Task brief
Could the records be returned exactly, with the pictures left out?

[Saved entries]
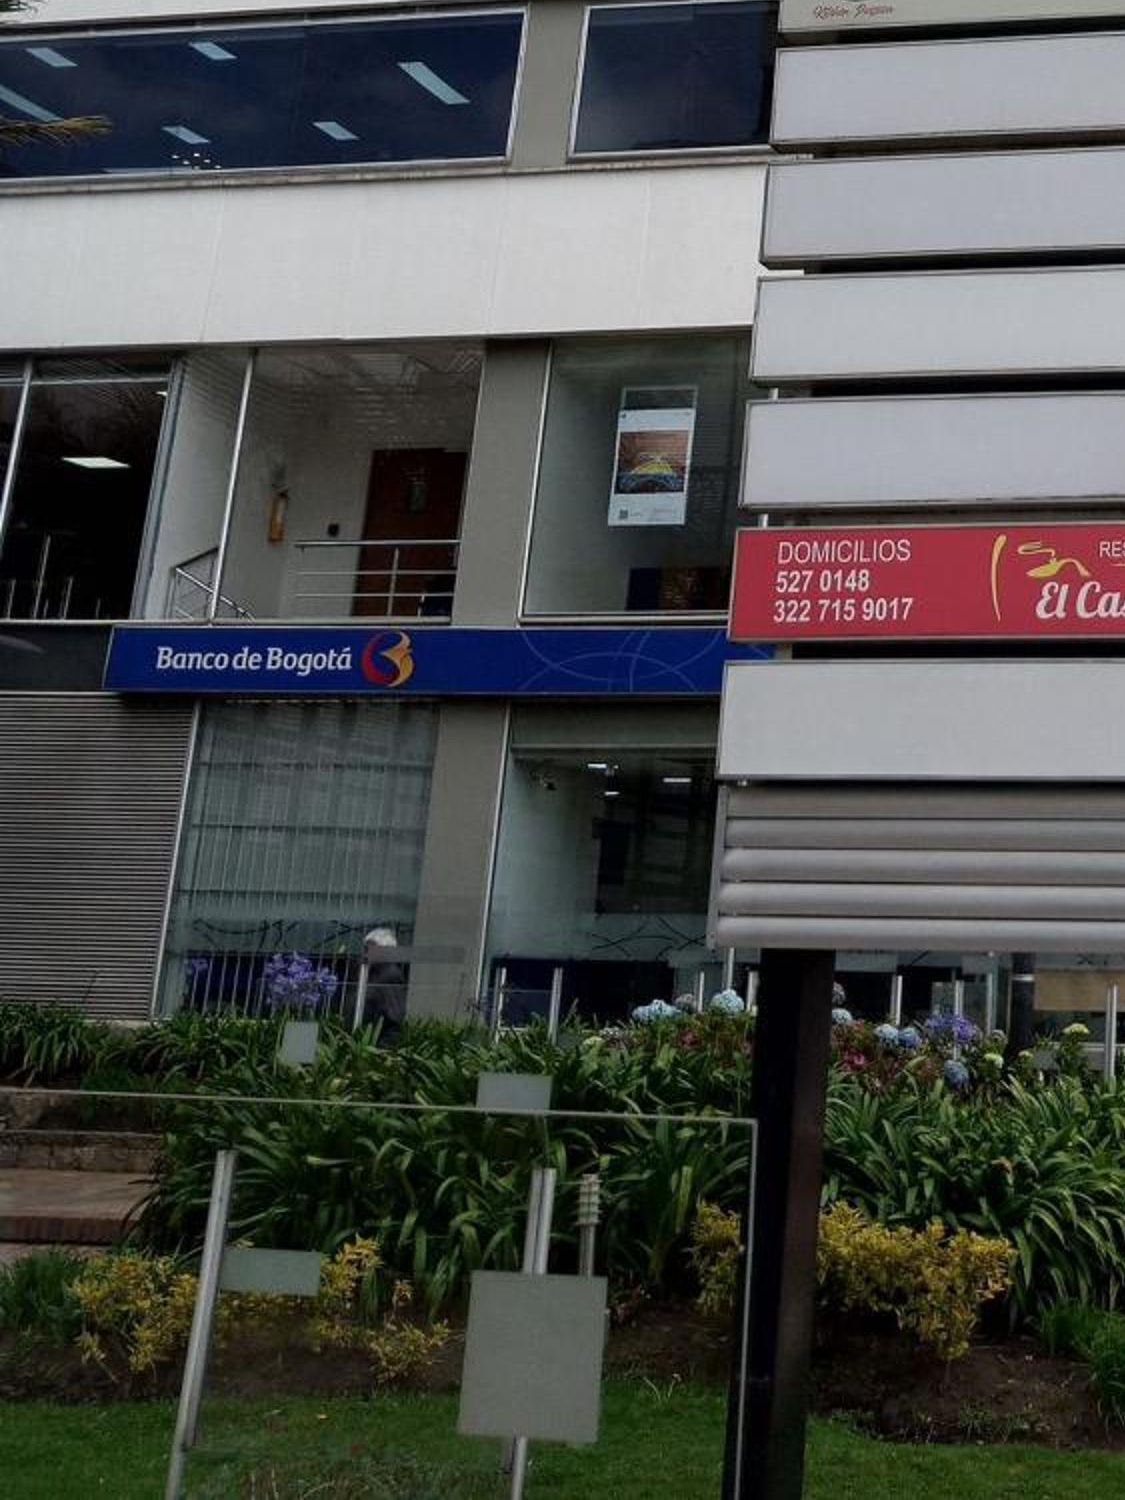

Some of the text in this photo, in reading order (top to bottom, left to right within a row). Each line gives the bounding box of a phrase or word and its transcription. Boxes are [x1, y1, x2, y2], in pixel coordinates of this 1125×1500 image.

[777, 540, 912, 565] DOMICILIOS
[776, 569, 870, 593] 527 0148
[773, 597, 914, 623] 322 715 9017
[1034, 581, 1067, 619] El
[156, 646, 352, 676] Banco de Bogotá

Output
Some of the text in this photo, in reading order (top to bottom, left to right within a row). Each line gives the bounding box of a phrase or word and its transcription. Boxes are [x1, y1, x2, y2], in pixel coordinates of this 1125×1500 image.

[777, 540, 912, 565] DOMICILIOS
[776, 569, 870, 593] 527 0148
[773, 597, 914, 623] 322 715 9017
[1034, 581, 1067, 619] El
[156, 646, 352, 676] Banco de Bogotá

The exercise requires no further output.